"Old master had two plantations. Sometimes he had a overseer and sometimes he didn't.
"Oh, they had plenty to eat, hog meat and cracklin' bread. Yes ma'am. I loved that, I reckon. I et so much of it then I don't hardly ever want it now. They had so much to eat. Blackberry cobbler? Oh Lawd.
"How many brothers and sisters? Me? My dear, I don't know how many I had but I heard my mother say that all the chillun she did have, that she had 'leven chillun.
"Our white folks took us to Texas durin' of the War. I think my old master said we stayed there three years. My mother died there with a congestive chill.
"We come back here to Arkansas after freedom and I think my father worked for Jack Hall three or four years. He wouldn't let him leave. He raised my father and thought so much of him. He worked on the shares.

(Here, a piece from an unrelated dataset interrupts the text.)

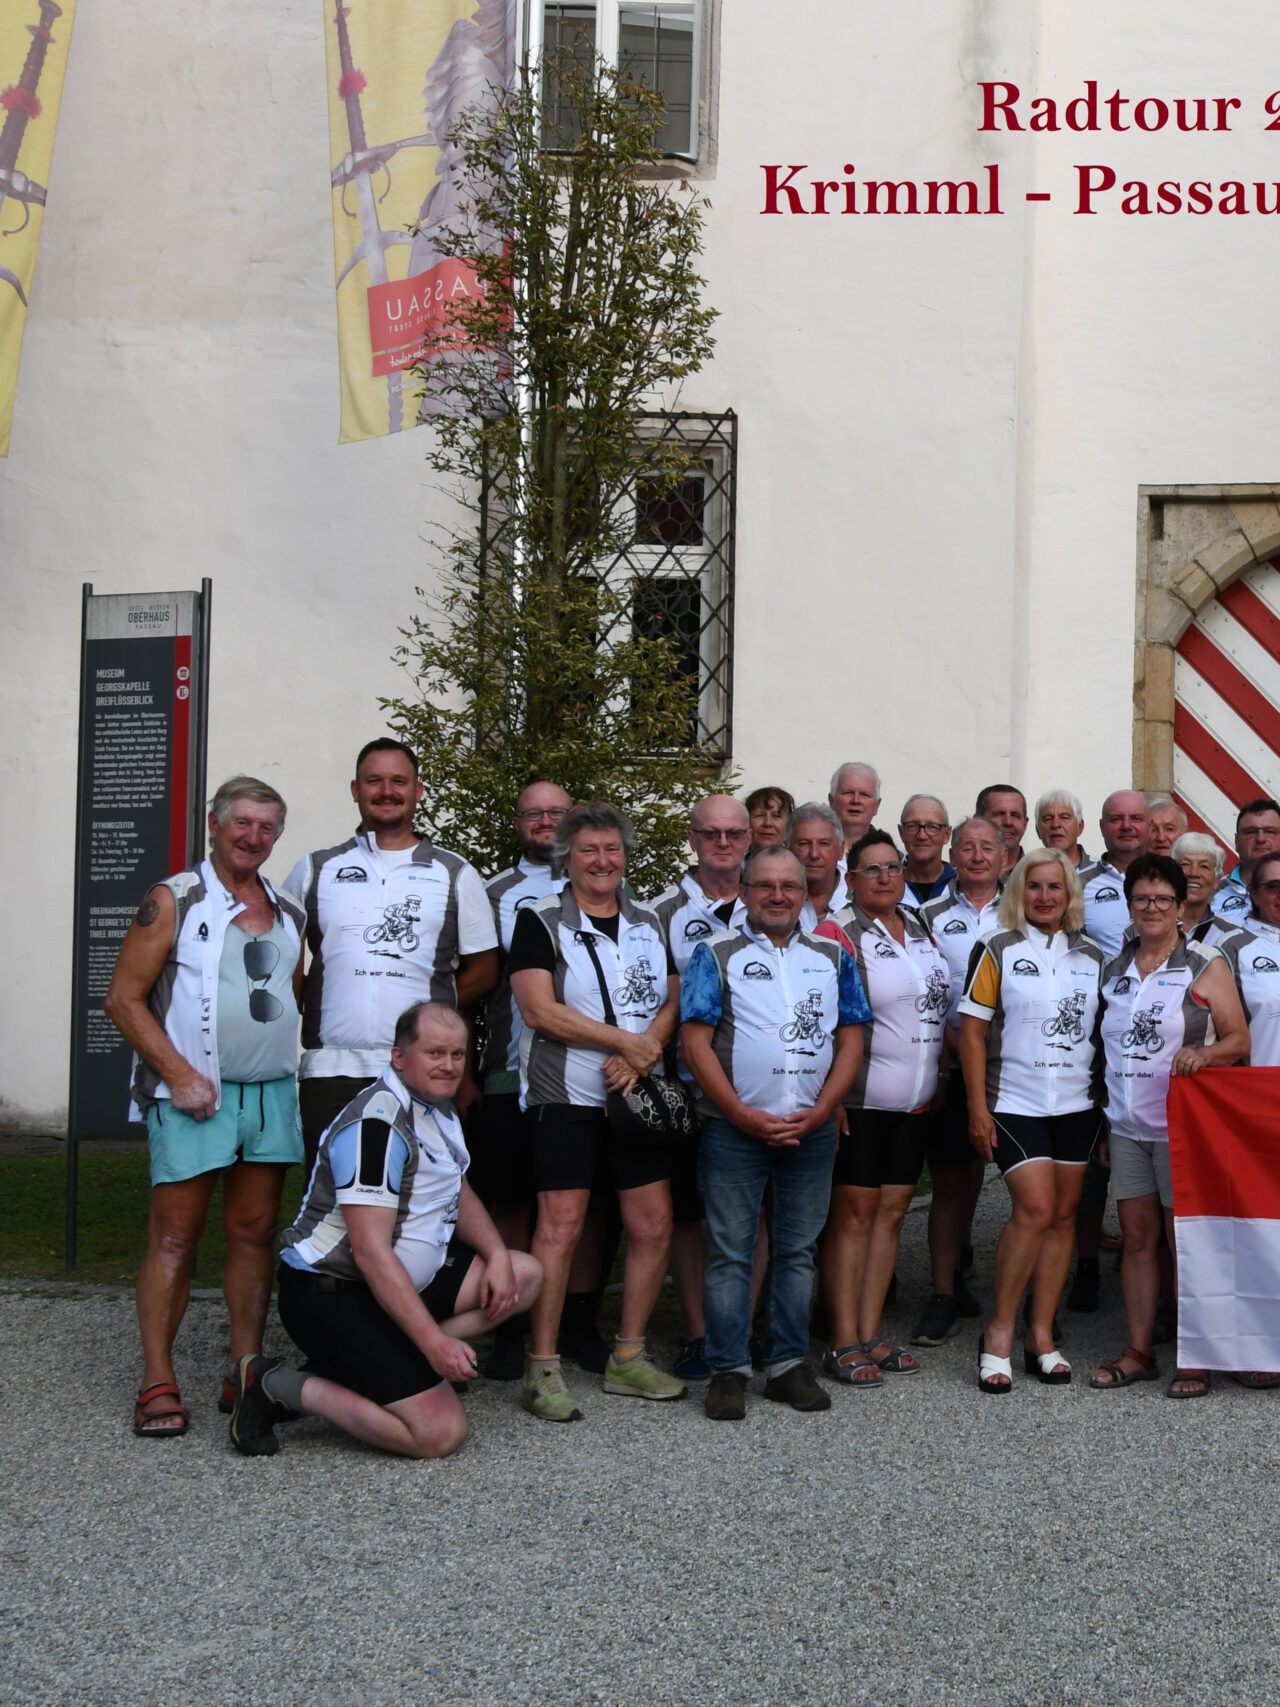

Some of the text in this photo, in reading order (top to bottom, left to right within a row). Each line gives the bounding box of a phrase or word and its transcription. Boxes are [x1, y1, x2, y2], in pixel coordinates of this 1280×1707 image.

"After freedom I went to school. I learnt to read and write but I just wouldn't do it. I learnt the other chillun though. I did that. I was into ever'thing. I learnt them that what I could do. Blue Back? Them's the very ones I studied.
"In slavery times I had to rise as early as I could. Old master would give me any little thing around the house that I wanted. They said he was too old to go to war. Some of the hands run off but I didn't know where they went to.
"Some of the people was better off slaves than they was free. I don't study bout things now but sometimes seems like all them things comes before me.
"I used to hear em talkin' bout old Jeff Davis. I didn't know what they was talkin' bout but I heered em.
"I was sixteen when I married and I had eleven chillun. All dead but four.